Records provided below:

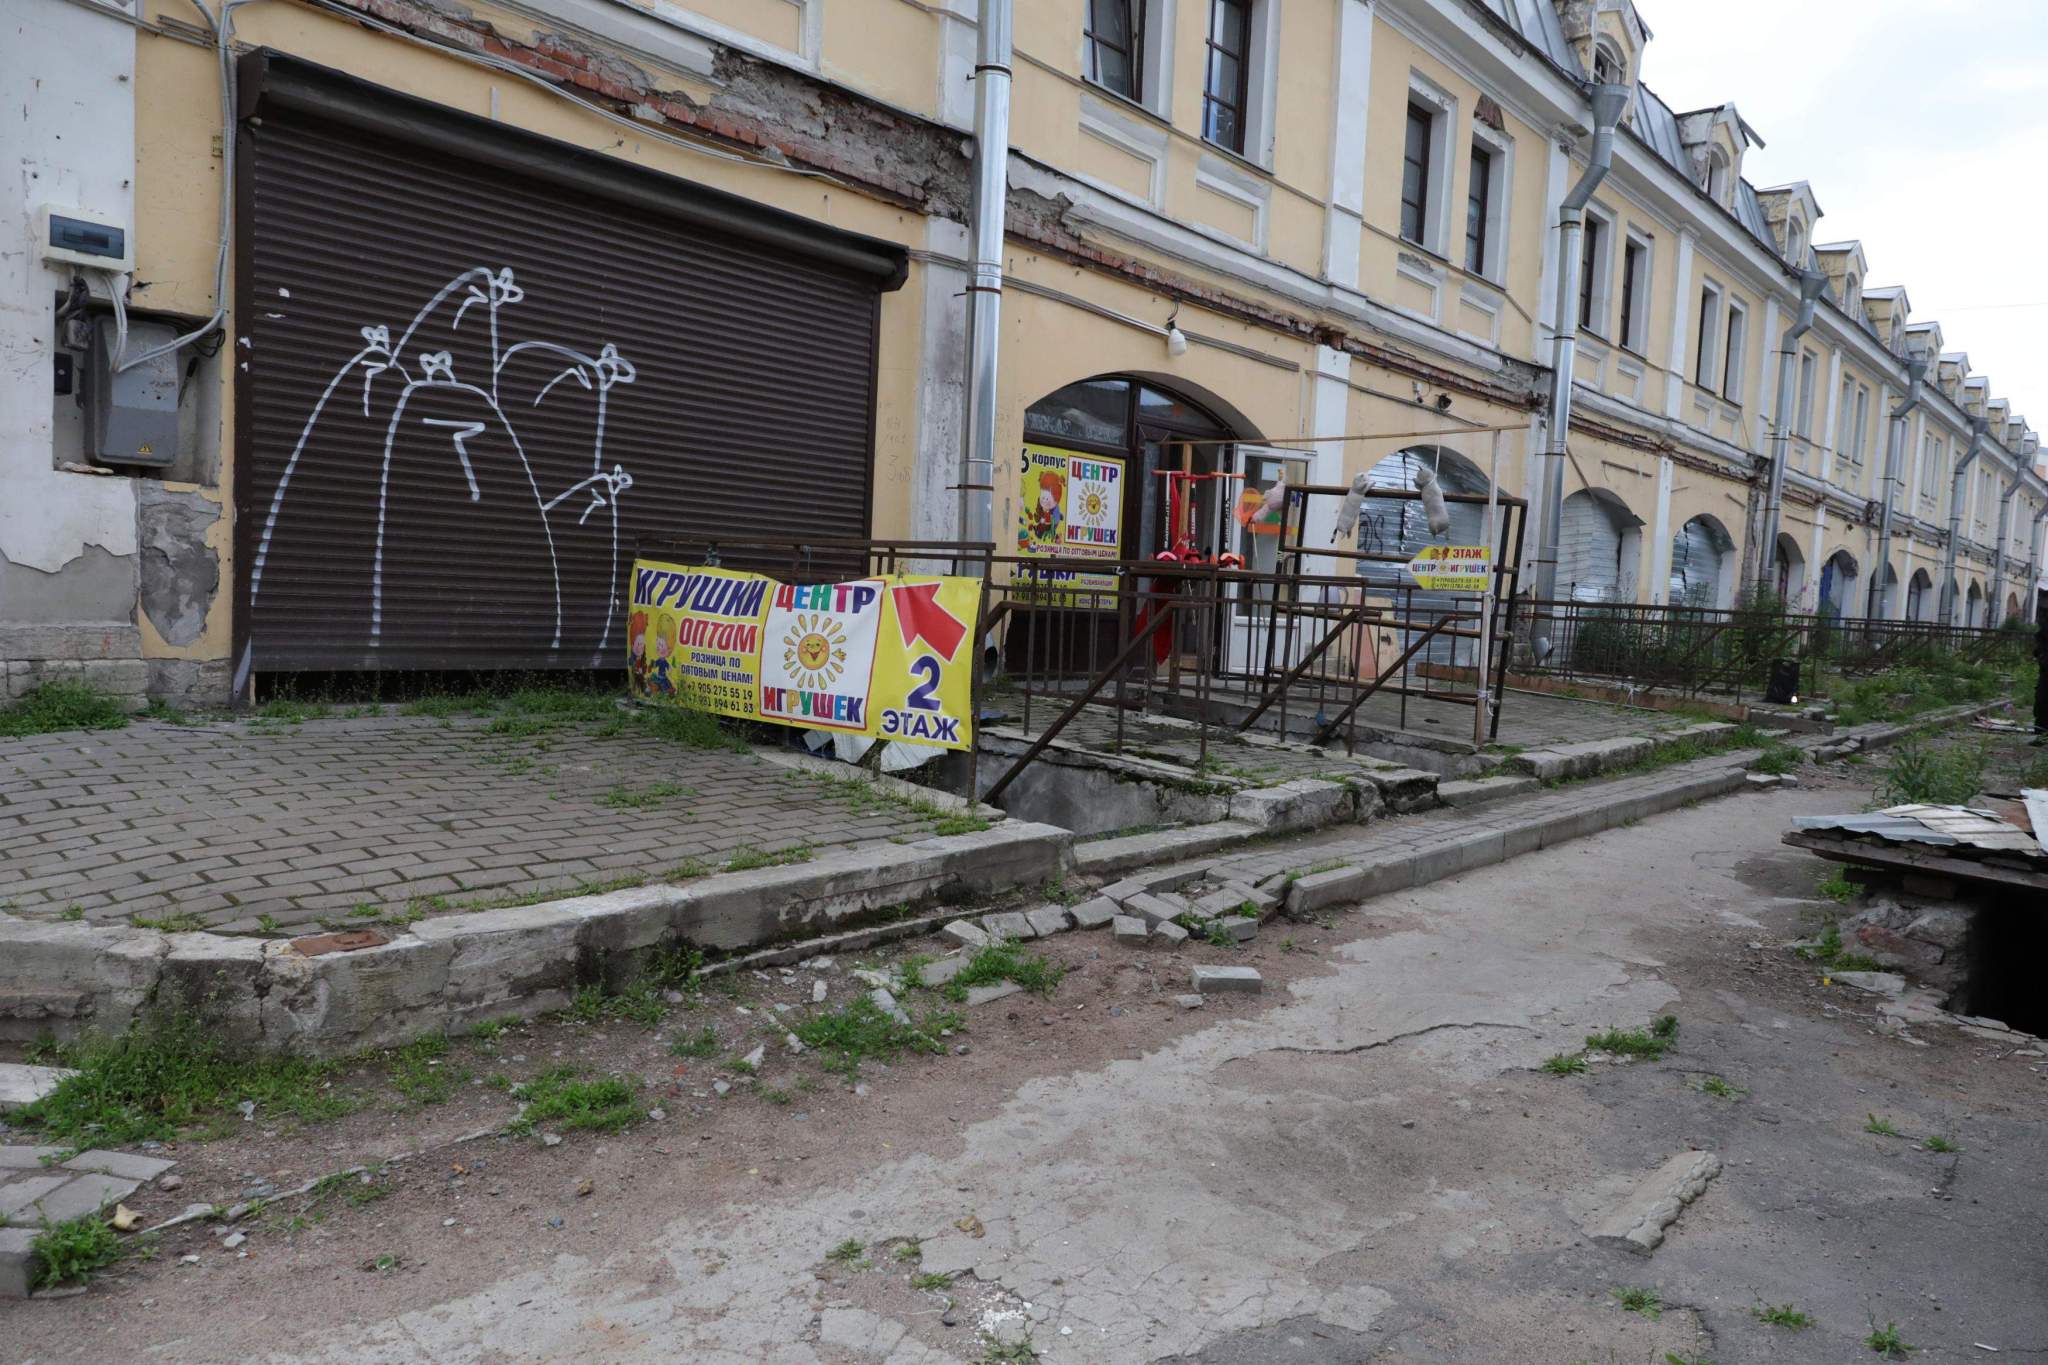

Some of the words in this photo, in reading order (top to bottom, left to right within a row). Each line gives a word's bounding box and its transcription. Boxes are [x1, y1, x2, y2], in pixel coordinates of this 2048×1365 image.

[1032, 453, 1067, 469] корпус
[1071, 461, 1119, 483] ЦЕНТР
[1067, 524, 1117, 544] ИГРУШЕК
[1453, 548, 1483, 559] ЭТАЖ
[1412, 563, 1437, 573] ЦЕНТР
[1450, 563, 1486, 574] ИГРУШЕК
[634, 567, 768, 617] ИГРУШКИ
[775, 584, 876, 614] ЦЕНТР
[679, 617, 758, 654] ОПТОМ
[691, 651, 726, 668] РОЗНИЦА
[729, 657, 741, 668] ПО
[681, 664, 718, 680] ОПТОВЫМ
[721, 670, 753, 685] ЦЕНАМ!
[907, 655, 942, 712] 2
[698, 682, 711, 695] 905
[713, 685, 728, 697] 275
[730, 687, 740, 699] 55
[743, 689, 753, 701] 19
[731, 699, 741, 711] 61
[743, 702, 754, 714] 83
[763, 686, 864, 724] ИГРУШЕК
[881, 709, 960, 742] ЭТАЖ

End of Records provided.

▶ **Task prompt**:
Nothing but an exact copy of the data above, minus its pictures, should appear in the response.

▶ **Solution to this task**:
Some of the words in this photo, in reading order (top to bottom, left to right within a row). Each line gives a word's bounding box and its transcription. Boxes are [x1, y1, x2, y2], in pixel coordinates of this 2048×1365 image.

[1032, 453, 1067, 469] корпус
[1071, 461, 1119, 483] ЦЕНТР
[1067, 524, 1117, 544] ИГРУШЕК
[1453, 548, 1483, 559] ЭТАЖ
[1412, 563, 1437, 573] ЦЕНТР
[1450, 563, 1486, 574] ИГРУШЕК
[634, 567, 768, 617] ИГРУШКИ
[775, 584, 876, 614] ЦЕНТР
[679, 617, 758, 654] ОПТОМ
[691, 651, 726, 668] РОЗНИЦА
[729, 657, 741, 668] ПО
[681, 664, 718, 680] ОПТОВЫМ
[721, 670, 753, 685] ЦЕНАМ!
[907, 655, 942, 712] 2
[698, 682, 711, 695] 905
[713, 685, 728, 697] 275
[730, 687, 740, 699] 55
[743, 689, 753, 701] 19
[731, 699, 741, 711] 61
[743, 702, 754, 714] 83
[763, 686, 864, 724] ИГРУШЕК
[881, 709, 960, 742] ЭТАЖ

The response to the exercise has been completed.